Review objectives/questions: The objective of the review is to evaluate the effectiveness of Mohs micrographic surgery on the mortality, recurrence and quality of life of patients with nonmelanoma skin cancers when compared with other treatment modalities.


Specifically, it aims to examine the effectiveness of Mohs micrographic surgery compared with other treatment modalities such as excisional surgery, curettage and electrodessication and radiation therapy, as well as nonsurgical/chemotherapeutic interventions such as topical 5-fluorouracil and imiquimod immunotherapy in the management of nonmelanoma skin cancers.


Article Content


Nonmelanoma skin cancers (NMSCs), also known as keratinocytic skin cancers constitute the most common malignancy in the United States and the world.1 It has been estimated that about 3.5 million of these cancers are diagnosed every year in the United States alone - 2.8 million basal cell carcinomas (BCCs) and 700,000 squamous cell carcinomas1 (SCCs), which are the two most common subtypes of NMSCs. Other subtypes of this group of cancers include cutaneous lymphomas, adnexal tumors, Merkel cell carcinomas and other rare primary cutaneous neoplasms.2 Although grouped together, BCCs and SCCs have clear differences relating to their cause, pathogenesis, clinical course and management.


Incidence rates of these cancers are known to be on the rise in many countries. Currently, BCCs, the most common type of NMSCs, account for up to 80% of cases, with an incidence ranging from as low as 47.4 in women from Scotland to 1541 in men from Australia per 100,000 individuals.2,3 Squamous cell carcinomas are the second most common type of NMSC: its incidence per 100,000 individuals ranges from 5.3 in women from Germany to 772 in men from Australia.2 Although the reason for the increased incidence is unclear, it may be linked to increased sun-seeking behaviors,4 and increased patient and physician awareness of the disease, in addition to improved medical coding. By contrast, mortality rates have declined because of increased public education on sun protection and enhanced clinical management;5 however, it remains a relevant patient-centered outcome in cancer management. Basal cell carcinoma is characterized by local invasiveness and destruction which is associated with significant morbidity.6 Squamous cell carcinoma on the other hand has a high metastatic potential and is therefore responsible for the majority of deaths from NMSCs. In addition, these cancers are associated with high recurrence rates and an increased risk of transformation to melanoma.7


Risk factors include exposure to ultraviolet radiation (UVA and UVB), artificial tanning, being fair skinned, having precancerous skin conditions such as actinic keratosis and Bowen's disease, being an older white male, having a history of sun burns or fragile skin, having inherited syndromes such as nevoid BCC syndrome, certain medications, immunosuppression, being infected with the human papilloma virus and having a previous history of radiotherapy.8 Although they are rarely life threatening and highly curable, NMSCs are associated with significant disfigurement when not diagnosed and treated in a timely manner because they frequently affect the head, face and neck region, which are highly visible parts of the body, leading to potentially influential effects in terms of social stigma and the patient's self-esteem.

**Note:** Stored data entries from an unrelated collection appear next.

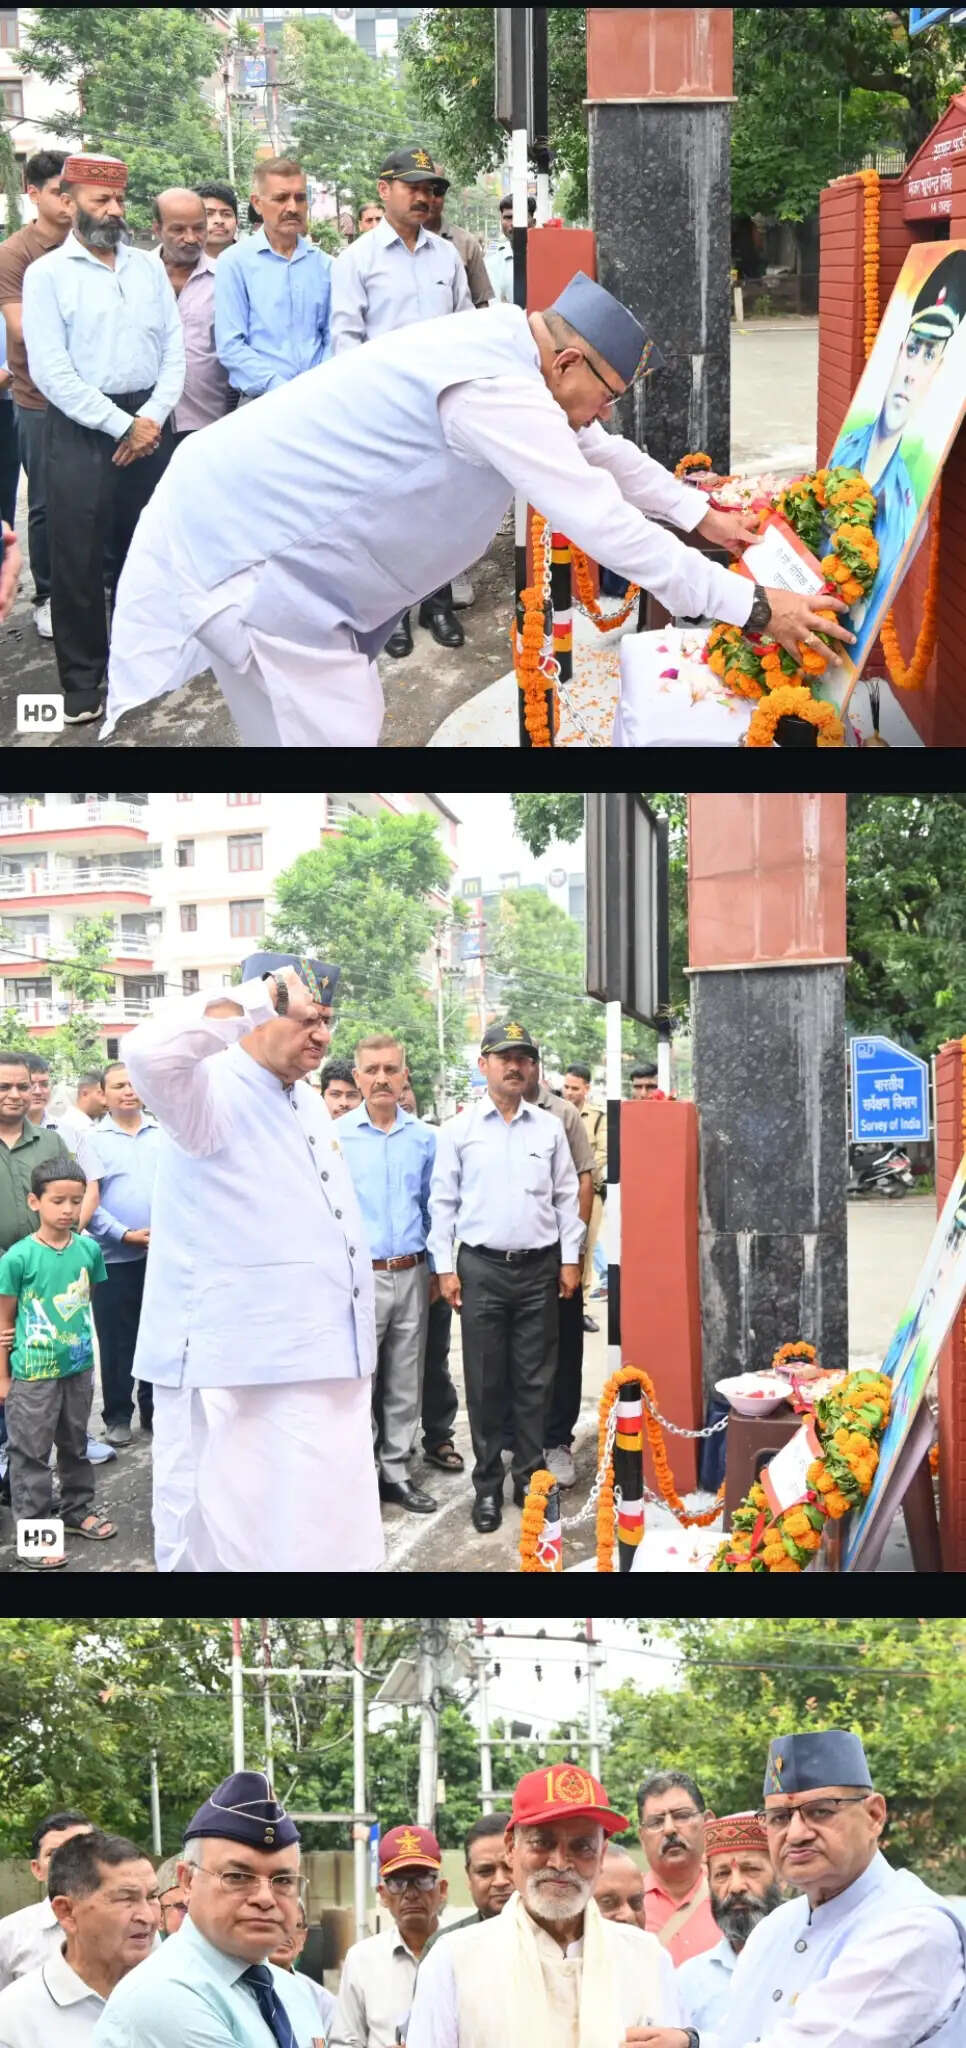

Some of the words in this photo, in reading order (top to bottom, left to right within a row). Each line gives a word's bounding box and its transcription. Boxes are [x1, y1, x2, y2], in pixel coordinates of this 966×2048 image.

[861, 1119, 888, 1133] Survey
[889, 1118, 899, 1130] of
[900, 1117, 921, 1130] India
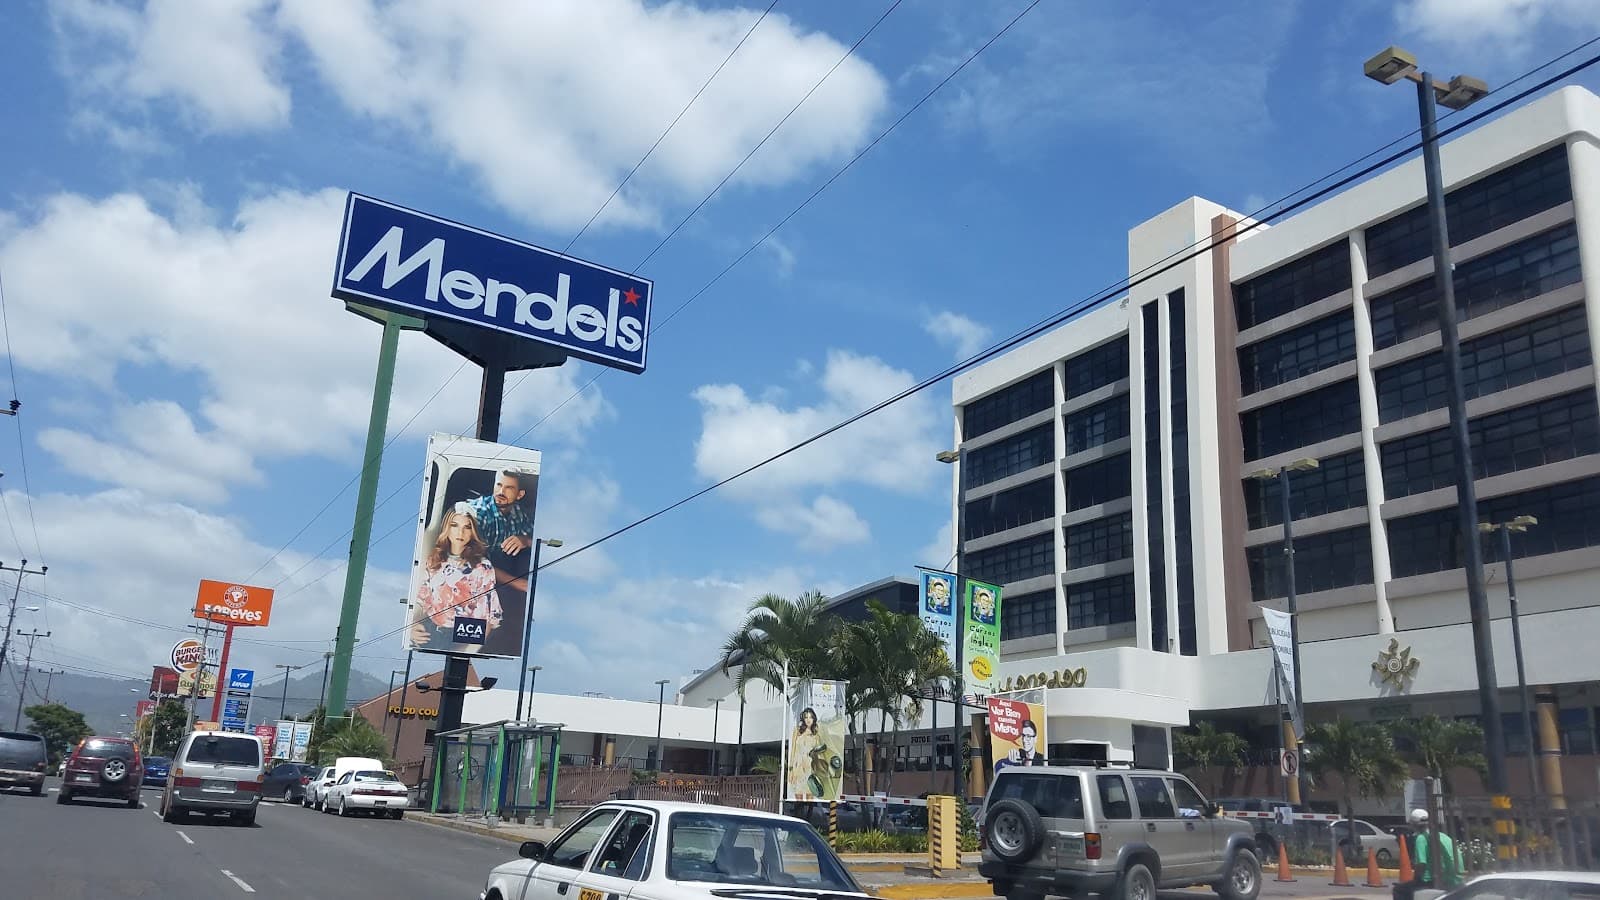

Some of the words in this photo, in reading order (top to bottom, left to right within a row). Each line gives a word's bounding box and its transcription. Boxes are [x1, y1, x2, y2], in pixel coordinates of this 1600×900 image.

[456, 623, 483, 635] ACA
[175, 647, 205, 657] BURGE
[388, 705, 416, 715] FOOD
[418, 708, 438, 717] COU
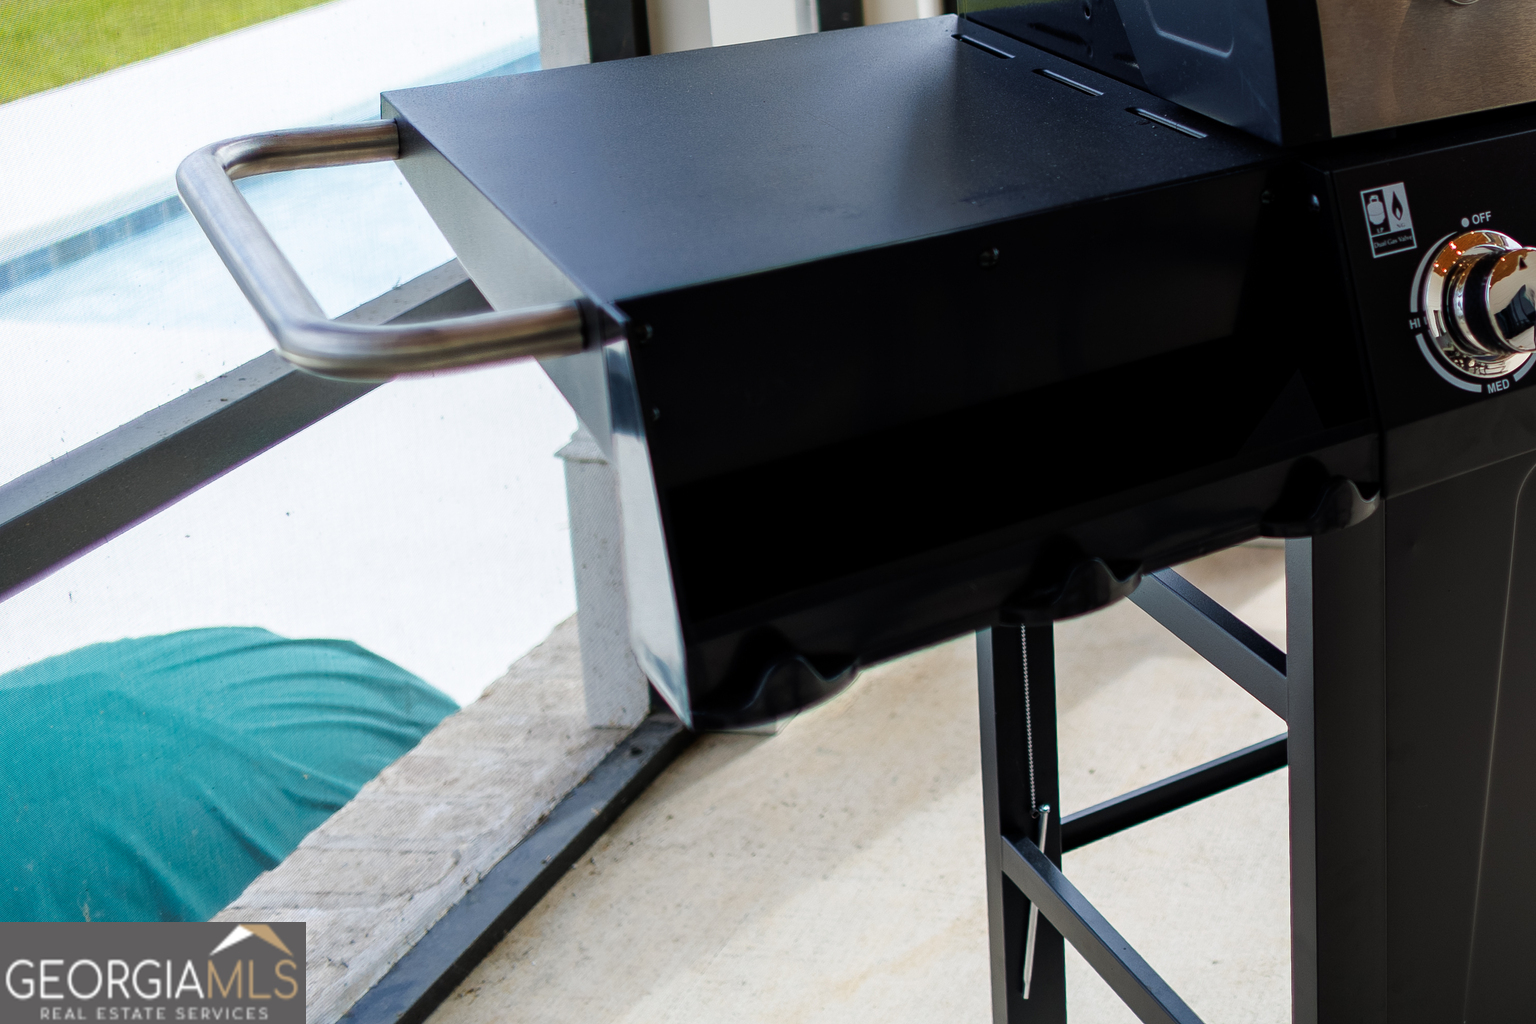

The primary aim of treatment is to achieve complete extirpation or destruction of the lesion, whereas achieving a good and acceptable cosmetic outcome is an important secondary goal. Choice of treatment depends on several factors, including the clinical and histological nature, size, and site of the lesion; presence of other comorbidities; expertise; and availability and affordability of treatment. Treatment modalities for NMSC include medical and surgical approaches. Medical interventions that have been used successfully include topical 5-fluorouracil, cisplatin, imiquimod, photodynamic therapy with 5-aminolevulinic acid and radiotherapy.8,9 Surgical therapies include surgical excision, curettage with electrodessication, cryotherapy and Mohs micrographic surgery (MMS).


Although NMSC has been successfully managed with the above listed therapies, several shortcomings have been reported in many of these treatment approaches. For instance, electrodessication with curettage has been associated with the formation of hypertrophic "white" scars after the procedure.9 Incomplete margin removal is frequently observed when NMSC is treated with surgical excision coupled with quality of life issues as it relates to aesthetics. Radiotherapy is painless and has been used as an adjunct to surgery; however, it poses a risk of developing additional NMSCs in the irradiated field over time.10 The use of topical 5-fluorouracil is somewhat limited to the treatment of superficial NMSCs such as actinic keratosis because of its inability to achieve adequate penetration in invasive cases.11,12 Mohs micrographic surgery is an important surgical alternative to the above treatment approaches and is known to produce improved cosmetic results. However, no prior review has focused on examining the clinical effectiveness of MMS in the management of NMSC compared with these other known treatment modalities.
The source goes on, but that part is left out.